Return each line of the data below exactly, omitting any pictures.
---+---
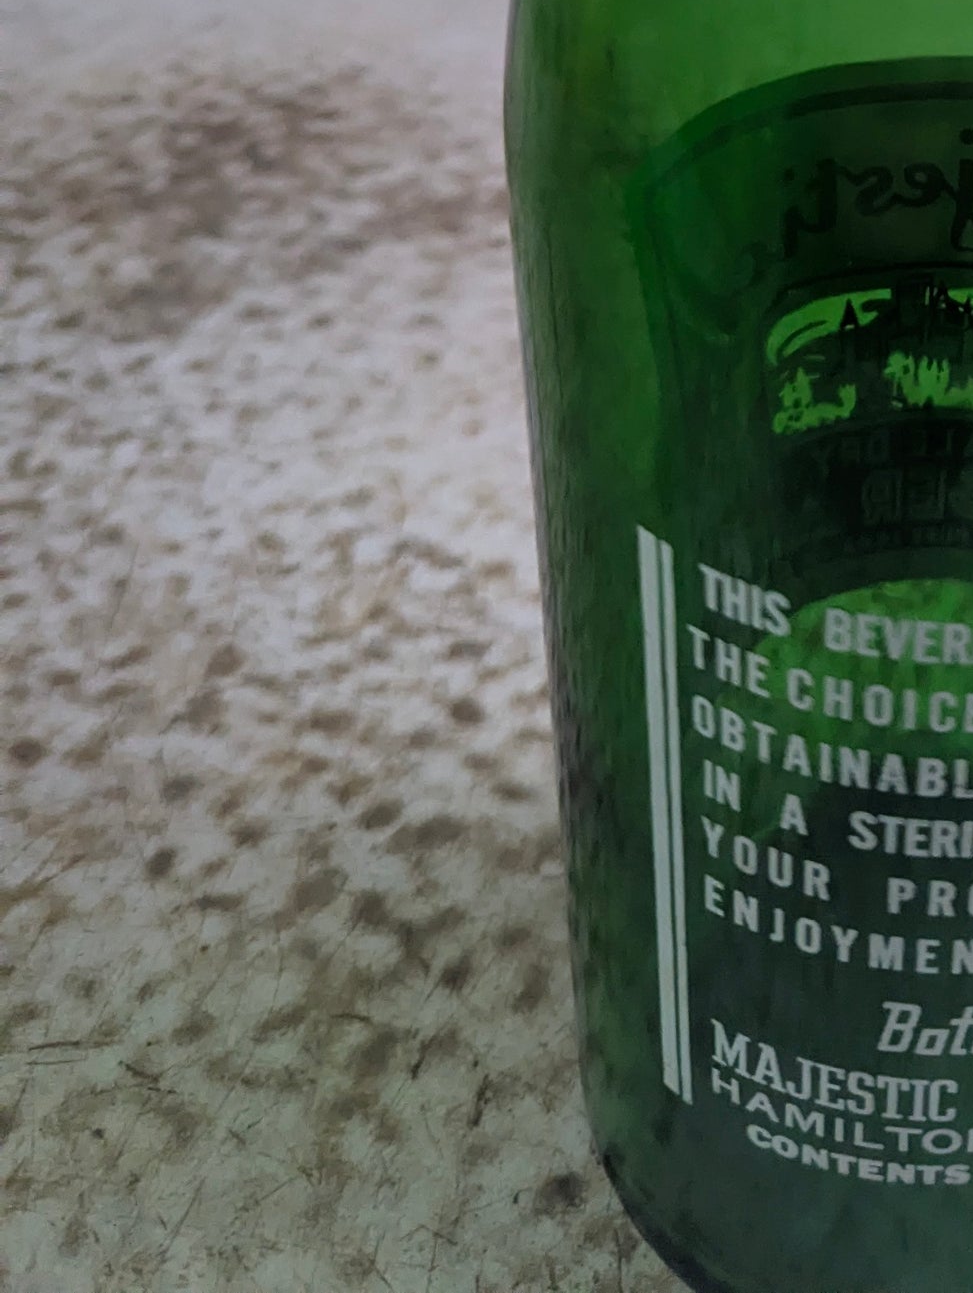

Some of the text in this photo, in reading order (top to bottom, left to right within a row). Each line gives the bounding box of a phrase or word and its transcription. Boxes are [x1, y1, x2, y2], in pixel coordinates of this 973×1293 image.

[700, 563, 791, 637] THIS
[687, 624, 771, 698] THE
[704, 758, 741, 812] IN
[780, 794, 809, 836] A
[701, 816, 830, 901] YOUR
[710, 1018, 958, 1122] MAJESTIC
[746, 1124, 970, 1185] CONTENTS
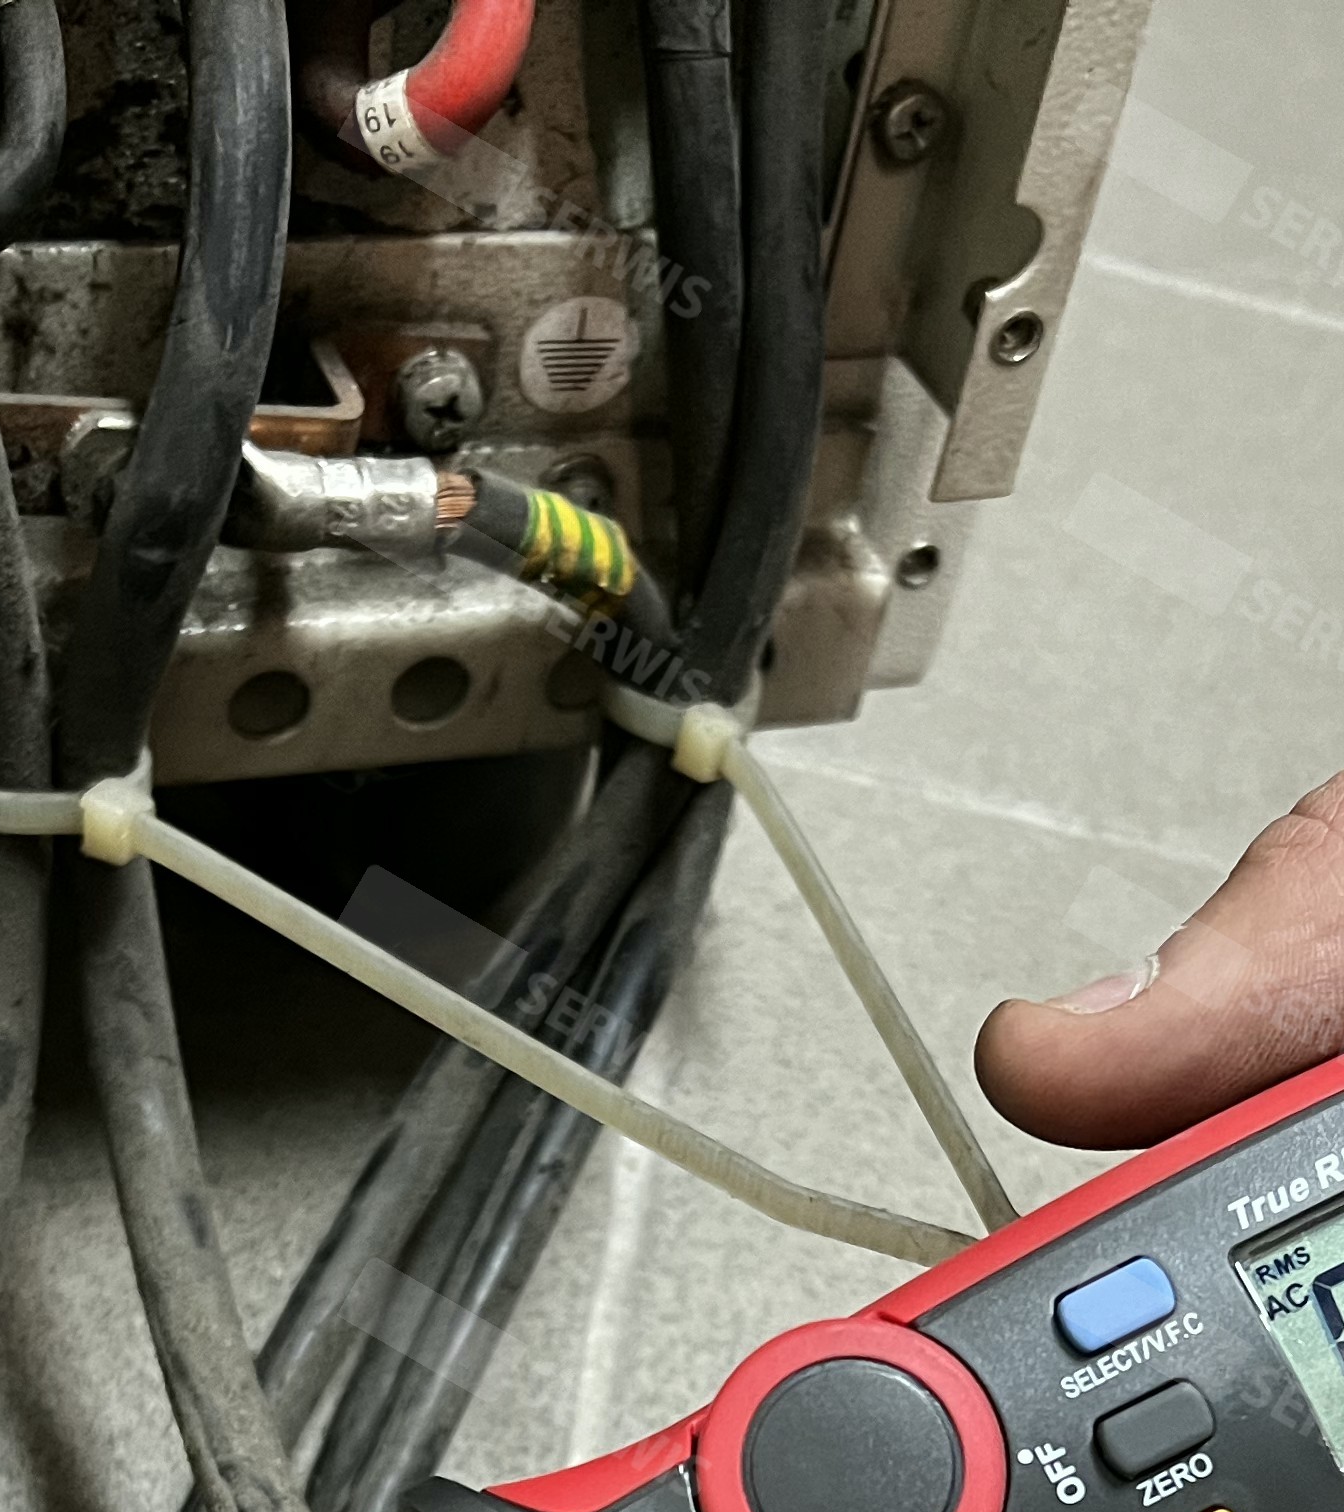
---+---
ANSWER TO THIS TASK >>
Some of the text in this photo, in reading order (top to bottom, left to right within a row). Each line gives the bounding box of a phrase or word and its transcription. Boxes are [x1, y1, x2, y2], in pixel coordinates of this 973×1293 image.

[700, 563, 791, 637] THIS
[687, 624, 771, 698] THE
[704, 758, 741, 812] IN
[780, 794, 809, 836] A
[701, 816, 830, 901] YOUR
[710, 1018, 958, 1122] MAJESTIC
[746, 1124, 970, 1185] CONTENTS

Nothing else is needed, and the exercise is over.